Now that talks with Caleb Plant have, apparently, died a bloody death, Saul “Canelo” Alvarez is looking elsewhere for a viable Mexican Independence Day opponent.
In theory, the 31-year-old Mexican cash cow can fight pretty much anyone he wants to. The problem is that anyone worth fighting is going to be asking for a ridiculously blown-up payday and, because of that, talks will likely stall, and drag, and teeter on collapse no matter who gets pegged for the B-side role.
But before burying the earnest B-siders looking to cash-out against the red-headed Mexican star, let’s point the finger of blame right where it belongs– at DAZN and their dumb business practices.

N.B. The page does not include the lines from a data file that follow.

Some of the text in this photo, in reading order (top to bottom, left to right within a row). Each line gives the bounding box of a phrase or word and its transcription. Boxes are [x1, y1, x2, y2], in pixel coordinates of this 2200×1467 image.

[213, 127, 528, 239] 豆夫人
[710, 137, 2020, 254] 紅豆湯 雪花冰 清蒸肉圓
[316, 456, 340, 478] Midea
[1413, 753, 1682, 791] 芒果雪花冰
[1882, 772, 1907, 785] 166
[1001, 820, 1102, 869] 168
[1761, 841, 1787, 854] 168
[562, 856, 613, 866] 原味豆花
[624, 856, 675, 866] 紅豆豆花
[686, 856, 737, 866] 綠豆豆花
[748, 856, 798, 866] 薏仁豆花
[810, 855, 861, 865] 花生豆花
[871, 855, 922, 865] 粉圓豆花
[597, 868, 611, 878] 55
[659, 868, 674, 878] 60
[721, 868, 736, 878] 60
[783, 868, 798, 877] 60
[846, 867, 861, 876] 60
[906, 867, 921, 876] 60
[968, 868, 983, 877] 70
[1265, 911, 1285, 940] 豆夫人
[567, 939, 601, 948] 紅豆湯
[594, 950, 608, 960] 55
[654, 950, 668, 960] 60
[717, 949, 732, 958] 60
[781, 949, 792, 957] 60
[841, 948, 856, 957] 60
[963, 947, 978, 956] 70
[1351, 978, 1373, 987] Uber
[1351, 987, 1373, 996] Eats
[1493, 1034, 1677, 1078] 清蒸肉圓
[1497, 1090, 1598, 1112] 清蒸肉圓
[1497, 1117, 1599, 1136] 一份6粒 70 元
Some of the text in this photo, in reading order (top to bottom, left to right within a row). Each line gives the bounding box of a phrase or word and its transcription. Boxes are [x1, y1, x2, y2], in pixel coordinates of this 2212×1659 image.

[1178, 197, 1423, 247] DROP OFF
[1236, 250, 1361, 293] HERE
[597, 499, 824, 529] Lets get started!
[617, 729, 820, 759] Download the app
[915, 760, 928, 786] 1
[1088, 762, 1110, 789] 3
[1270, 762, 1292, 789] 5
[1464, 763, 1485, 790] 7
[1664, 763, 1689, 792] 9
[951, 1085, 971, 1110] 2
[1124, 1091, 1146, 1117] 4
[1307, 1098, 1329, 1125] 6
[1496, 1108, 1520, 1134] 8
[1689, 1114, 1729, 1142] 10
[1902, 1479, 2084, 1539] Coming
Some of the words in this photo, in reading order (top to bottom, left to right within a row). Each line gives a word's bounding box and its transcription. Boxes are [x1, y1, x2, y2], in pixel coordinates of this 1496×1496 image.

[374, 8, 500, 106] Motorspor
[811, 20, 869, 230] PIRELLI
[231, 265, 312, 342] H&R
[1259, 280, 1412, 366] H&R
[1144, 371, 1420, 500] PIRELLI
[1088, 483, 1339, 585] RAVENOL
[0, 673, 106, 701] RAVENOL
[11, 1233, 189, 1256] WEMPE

Back when the streaming service signed Canelo to an 11-fight, $365 million deal, the brain trust at the wannabe “Netflix of Sports,” like a rich kid with an expensive tech toy he couldn’t possibly learn to operate, failed at every turn in properly handling the intricacies of a major star’s career.
Every proposed opponent for DAZN’s major-money superstar knew that the streaming service had no choice but to overpay for Canelo opponents because they desperately need name-value fighters for their biggest, most crucial investment.
Daniel Jacobs reportedly got a way-too-sweet $14 million deal to fight Alvarez in May of 2019 and a minimum of $4 million in his next two fights. Jacobs’ highest previous purse was a $1.75 million payout for his bout with Gennady Golovkin in 2017.
Sergey Kovalev reportedly earned around $12 million for his November, 2019 KO loss to Alvarez—six times his highest previous payout.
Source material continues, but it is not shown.